- Problem details -
Retype the whole listing below exactly, keeping every picture out of it.

- Source information -
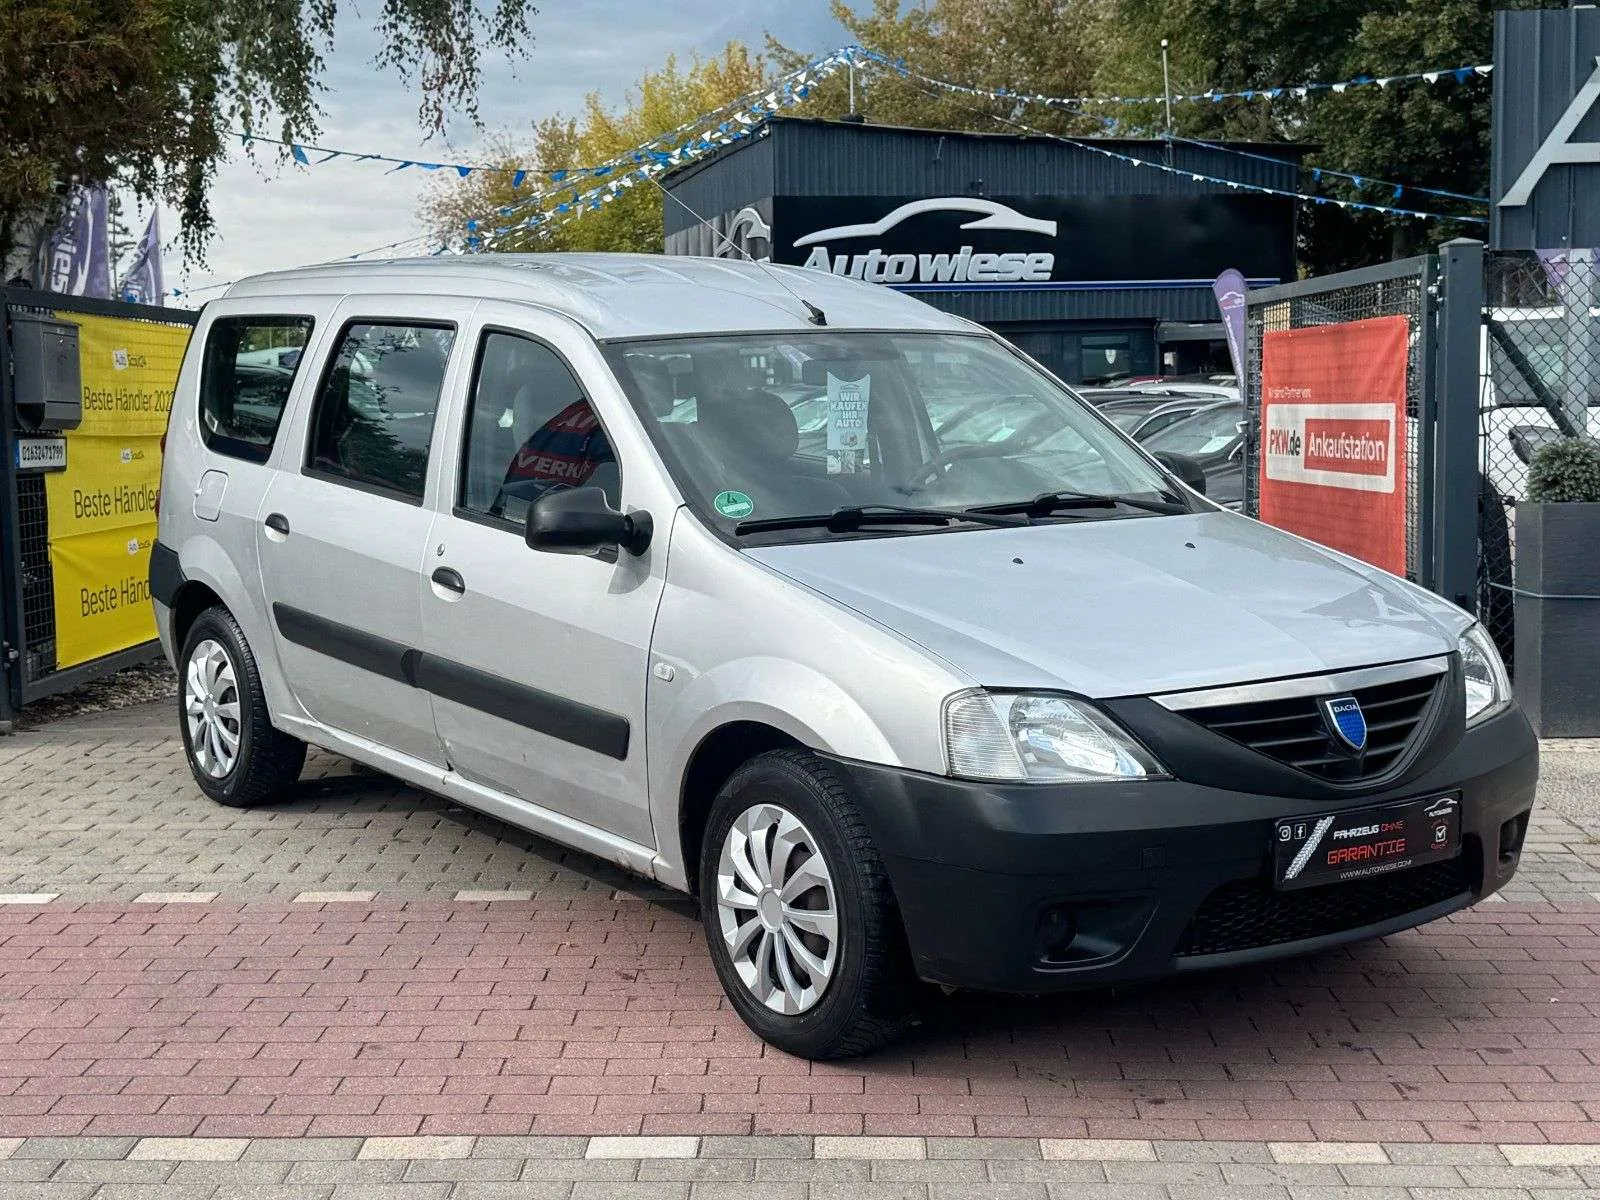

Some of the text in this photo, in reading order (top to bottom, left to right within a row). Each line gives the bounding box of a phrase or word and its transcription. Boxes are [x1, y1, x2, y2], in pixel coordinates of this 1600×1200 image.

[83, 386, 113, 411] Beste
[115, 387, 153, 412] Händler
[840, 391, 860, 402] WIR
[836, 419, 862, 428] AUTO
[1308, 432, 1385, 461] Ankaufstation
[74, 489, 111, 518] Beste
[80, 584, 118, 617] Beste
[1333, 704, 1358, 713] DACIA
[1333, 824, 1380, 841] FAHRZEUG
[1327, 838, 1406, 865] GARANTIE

- Solution to the exercise -
Some of the text in this photo, in reading order (top to bottom, left to right within a row). Each line gives the bounding box of a phrase or word and its transcription. Boxes are [x1, y1, x2, y2], in pixel coordinates of this 1600×1200 image.

[83, 386, 113, 411] Beste
[115, 387, 153, 412] Händler
[840, 391, 860, 402] WIR
[836, 419, 862, 428] AUTO
[1308, 432, 1385, 461] Ankaufstation
[74, 489, 111, 518] Beste
[80, 584, 118, 617] Beste
[1333, 704, 1358, 713] DACIA
[1333, 824, 1380, 841] FAHRZEUG
[1327, 838, 1406, 865] GARANTIE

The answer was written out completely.